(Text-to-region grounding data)
---
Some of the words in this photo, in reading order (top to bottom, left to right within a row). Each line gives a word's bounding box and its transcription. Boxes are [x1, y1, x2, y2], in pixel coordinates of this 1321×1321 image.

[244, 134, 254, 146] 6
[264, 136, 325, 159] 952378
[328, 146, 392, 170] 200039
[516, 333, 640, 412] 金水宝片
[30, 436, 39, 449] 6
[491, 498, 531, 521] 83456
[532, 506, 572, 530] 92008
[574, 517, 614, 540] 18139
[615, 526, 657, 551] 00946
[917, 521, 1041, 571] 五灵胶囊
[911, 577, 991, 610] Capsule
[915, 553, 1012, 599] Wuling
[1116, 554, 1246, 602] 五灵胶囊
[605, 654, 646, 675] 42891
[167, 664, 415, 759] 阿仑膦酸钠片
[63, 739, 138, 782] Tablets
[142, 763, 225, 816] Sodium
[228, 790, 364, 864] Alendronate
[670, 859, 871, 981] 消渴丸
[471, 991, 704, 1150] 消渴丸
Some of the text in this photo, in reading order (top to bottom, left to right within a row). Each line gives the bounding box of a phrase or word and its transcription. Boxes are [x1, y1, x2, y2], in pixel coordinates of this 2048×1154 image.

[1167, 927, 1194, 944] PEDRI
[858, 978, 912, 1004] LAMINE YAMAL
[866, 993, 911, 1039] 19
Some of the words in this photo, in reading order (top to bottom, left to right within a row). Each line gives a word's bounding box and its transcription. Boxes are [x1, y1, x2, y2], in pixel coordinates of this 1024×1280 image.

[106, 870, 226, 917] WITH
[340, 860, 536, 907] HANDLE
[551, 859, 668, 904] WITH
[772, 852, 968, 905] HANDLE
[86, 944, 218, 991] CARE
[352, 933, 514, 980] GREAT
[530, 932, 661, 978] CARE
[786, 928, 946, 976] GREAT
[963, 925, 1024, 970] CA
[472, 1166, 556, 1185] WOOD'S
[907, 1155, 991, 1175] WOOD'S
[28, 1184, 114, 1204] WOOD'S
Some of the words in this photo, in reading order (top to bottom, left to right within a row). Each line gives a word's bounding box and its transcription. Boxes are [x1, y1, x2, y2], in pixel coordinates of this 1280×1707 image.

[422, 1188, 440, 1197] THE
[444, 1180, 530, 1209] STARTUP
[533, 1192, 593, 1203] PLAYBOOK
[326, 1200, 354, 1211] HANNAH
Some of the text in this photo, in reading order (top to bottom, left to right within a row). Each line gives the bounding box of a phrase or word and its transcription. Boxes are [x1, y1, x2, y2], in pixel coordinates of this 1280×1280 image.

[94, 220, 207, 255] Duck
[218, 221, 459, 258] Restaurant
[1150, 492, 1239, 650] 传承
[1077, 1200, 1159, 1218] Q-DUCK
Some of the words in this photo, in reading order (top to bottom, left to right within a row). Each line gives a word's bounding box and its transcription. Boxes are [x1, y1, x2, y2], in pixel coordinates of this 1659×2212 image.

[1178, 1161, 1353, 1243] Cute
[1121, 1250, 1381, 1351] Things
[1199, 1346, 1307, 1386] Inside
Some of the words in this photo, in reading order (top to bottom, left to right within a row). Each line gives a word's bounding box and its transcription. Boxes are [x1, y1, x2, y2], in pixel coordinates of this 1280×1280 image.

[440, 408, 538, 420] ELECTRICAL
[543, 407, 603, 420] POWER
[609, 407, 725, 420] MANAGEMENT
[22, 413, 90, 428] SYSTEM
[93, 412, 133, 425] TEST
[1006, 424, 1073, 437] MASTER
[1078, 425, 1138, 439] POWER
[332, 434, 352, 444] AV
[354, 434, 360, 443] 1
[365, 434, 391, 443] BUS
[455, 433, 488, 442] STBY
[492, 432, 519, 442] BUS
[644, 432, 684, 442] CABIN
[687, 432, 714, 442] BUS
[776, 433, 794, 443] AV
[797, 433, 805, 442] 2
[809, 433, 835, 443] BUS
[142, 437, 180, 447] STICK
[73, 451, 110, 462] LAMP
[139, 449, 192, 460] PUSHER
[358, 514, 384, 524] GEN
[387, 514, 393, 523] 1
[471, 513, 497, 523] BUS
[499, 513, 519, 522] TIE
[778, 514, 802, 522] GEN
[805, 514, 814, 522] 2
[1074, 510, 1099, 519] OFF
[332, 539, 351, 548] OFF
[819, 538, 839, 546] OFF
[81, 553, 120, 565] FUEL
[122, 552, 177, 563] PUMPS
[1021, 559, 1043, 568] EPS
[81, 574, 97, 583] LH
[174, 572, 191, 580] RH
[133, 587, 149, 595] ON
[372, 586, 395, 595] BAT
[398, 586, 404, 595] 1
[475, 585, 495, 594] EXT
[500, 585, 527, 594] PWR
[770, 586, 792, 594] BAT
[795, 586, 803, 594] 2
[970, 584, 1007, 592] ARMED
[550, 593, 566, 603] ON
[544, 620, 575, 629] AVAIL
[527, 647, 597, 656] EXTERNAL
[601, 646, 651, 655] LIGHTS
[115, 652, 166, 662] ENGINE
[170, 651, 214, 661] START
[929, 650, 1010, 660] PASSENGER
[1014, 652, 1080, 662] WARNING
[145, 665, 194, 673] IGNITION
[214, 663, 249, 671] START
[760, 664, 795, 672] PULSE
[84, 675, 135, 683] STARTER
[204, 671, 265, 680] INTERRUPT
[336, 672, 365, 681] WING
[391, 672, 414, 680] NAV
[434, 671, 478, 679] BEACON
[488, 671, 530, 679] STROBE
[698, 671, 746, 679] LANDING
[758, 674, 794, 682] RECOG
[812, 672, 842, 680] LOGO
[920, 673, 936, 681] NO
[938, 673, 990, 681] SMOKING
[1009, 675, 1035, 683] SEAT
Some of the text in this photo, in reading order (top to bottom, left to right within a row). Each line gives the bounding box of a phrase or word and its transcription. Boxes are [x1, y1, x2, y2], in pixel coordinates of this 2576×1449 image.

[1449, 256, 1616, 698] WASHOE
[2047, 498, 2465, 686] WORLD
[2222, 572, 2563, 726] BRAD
---
[Task objective] Restate the data exactly, keeping every line intact.

[Solution to this problem]
Some of the words in this photo, in reading order (top to bottom, left to right within a row). Each line gives a word's bounding box and its transcription. Boxes are [x1, y1, x2, y2], in pixel coordinates of this 1321×1321 image.

[244, 134, 254, 146] 6
[264, 136, 325, 159] 952378
[328, 146, 392, 170] 200039
[516, 333, 640, 412] 金水宝片
[30, 436, 39, 449] 6
[491, 498, 531, 521] 83456
[532, 506, 572, 530] 92008
[574, 517, 614, 540] 18139
[615, 526, 657, 551] 00946
[917, 521, 1041, 571] 五灵胶囊
[911, 577, 991, 610] Capsule
[915, 553, 1012, 599] Wuling
[1116, 554, 1246, 602] 五灵胶囊
[605, 654, 646, 675] 42891
[167, 664, 415, 759] 阿仑膦酸钠片
[63, 739, 138, 782] Tablets
[142, 763, 225, 816] Sodium
[228, 790, 364, 864] Alendronate
[670, 859, 871, 981] 消渴丸
[471, 991, 704, 1150] 消渴丸
Some of the text in this photo, in reading order (top to bottom, left to right within a row). Each line gives the bounding box of a phrase or word and its transcription. Boxes are [x1, y1, x2, y2], in pixel coordinates of this 2048×1154 image.

[1167, 927, 1194, 944] PEDRI
[858, 978, 912, 1004] LAMINE YAMAL
[866, 993, 911, 1039] 19
Some of the words in this photo, in reading order (top to bottom, left to right within a row). Each line gives a word's bounding box and its transcription. Boxes are [x1, y1, x2, y2], in pixel coordinates of this 1024×1280 image.

[106, 870, 226, 917] WITH
[340, 860, 536, 907] HANDLE
[551, 859, 668, 904] WITH
[772, 852, 968, 905] HANDLE
[86, 944, 218, 991] CARE
[352, 933, 514, 980] GREAT
[530, 932, 661, 978] CARE
[786, 928, 946, 976] GREAT
[963, 925, 1024, 970] CA
[472, 1166, 556, 1185] WOOD'S
[907, 1155, 991, 1175] WOOD'S
[28, 1184, 114, 1204] WOOD'S
Some of the words in this photo, in reading order (top to bottom, left to right within a row). Each line gives a word's bounding box and its transcription. Boxes are [x1, y1, x2, y2], in pixel coordinates of this 1280×1707 image.

[422, 1188, 440, 1197] THE
[444, 1180, 530, 1209] STARTUP
[533, 1192, 593, 1203] PLAYBOOK
[326, 1200, 354, 1211] HANNAH
Some of the text in this photo, in reading order (top to bottom, left to right within a row). Each line gives the bounding box of a phrase or word and its transcription. Boxes are [x1, y1, x2, y2], in pixel coordinates of this 1280×1280 image.

[94, 220, 207, 255] Duck
[218, 221, 459, 258] Restaurant
[1150, 492, 1239, 650] 传承
[1077, 1200, 1159, 1218] Q-DUCK
Some of the words in this photo, in reading order (top to bottom, left to right within a row). Each line gives a word's bounding box and its transcription. Boxes are [x1, y1, x2, y2], in pixel coordinates of this 1659×2212 image.

[1178, 1161, 1353, 1243] Cute
[1121, 1250, 1381, 1351] Things
[1199, 1346, 1307, 1386] Inside
Some of the words in this photo, in reading order (top to bottom, left to right within a row). Each line gives a word's bounding box and its transcription. Boxes are [x1, y1, x2, y2], in pixel coordinates of this 1280×1280 image.

[440, 408, 538, 420] ELECTRICAL
[543, 407, 603, 420] POWER
[609, 407, 725, 420] MANAGEMENT
[22, 413, 90, 428] SYSTEM
[93, 412, 133, 425] TEST
[1006, 424, 1073, 437] MASTER
[1078, 425, 1138, 439] POWER
[332, 434, 352, 444] AV
[354, 434, 360, 443] 1
[365, 434, 391, 443] BUS
[455, 433, 488, 442] STBY
[492, 432, 519, 442] BUS
[644, 432, 684, 442] CABIN
[687, 432, 714, 442] BUS
[776, 433, 794, 443] AV
[797, 433, 805, 442] 2
[809, 433, 835, 443] BUS
[142, 437, 180, 447] STICK
[73, 451, 110, 462] LAMP
[139, 449, 192, 460] PUSHER
[358, 514, 384, 524] GEN
[387, 514, 393, 523] 1
[471, 513, 497, 523] BUS
[499, 513, 519, 522] TIE
[778, 514, 802, 522] GEN
[805, 514, 814, 522] 2
[1074, 510, 1099, 519] OFF
[332, 539, 351, 548] OFF
[819, 538, 839, 546] OFF
[81, 553, 120, 565] FUEL
[122, 552, 177, 563] PUMPS
[1021, 559, 1043, 568] EPS
[81, 574, 97, 583] LH
[174, 572, 191, 580] RH
[133, 587, 149, 595] ON
[372, 586, 395, 595] BAT
[398, 586, 404, 595] 1
[475, 585, 495, 594] EXT
[500, 585, 527, 594] PWR
[770, 586, 792, 594] BAT
[795, 586, 803, 594] 2
[970, 584, 1007, 592] ARMED
[550, 593, 566, 603] ON
[544, 620, 575, 629] AVAIL
[527, 647, 597, 656] EXTERNAL
[601, 646, 651, 655] LIGHTS
[115, 652, 166, 662] ENGINE
[170, 651, 214, 661] START
[929, 650, 1010, 660] PASSENGER
[1014, 652, 1080, 662] WARNING
[145, 665, 194, 673] IGNITION
[214, 663, 249, 671] START
[760, 664, 795, 672] PULSE
[84, 675, 135, 683] STARTER
[204, 671, 265, 680] INTERRUPT
[336, 672, 365, 681] WING
[391, 672, 414, 680] NAV
[434, 671, 478, 679] BEACON
[488, 671, 530, 679] STROBE
[698, 671, 746, 679] LANDING
[758, 674, 794, 682] RECOG
[812, 672, 842, 680] LOGO
[920, 673, 936, 681] NO
[938, 673, 990, 681] SMOKING
[1009, 675, 1035, 683] SEAT
Some of the text in this photo, in reading order (top to bottom, left to right within a row). Each line gives the bounding box of a phrase or word and its transcription. Boxes are [x1, y1, x2, y2], in pixel coordinates of this 2576×1449 image.

[1449, 256, 1616, 698] WASHOE
[2047, 498, 2465, 686] WORLD
[2222, 572, 2563, 726] BRAD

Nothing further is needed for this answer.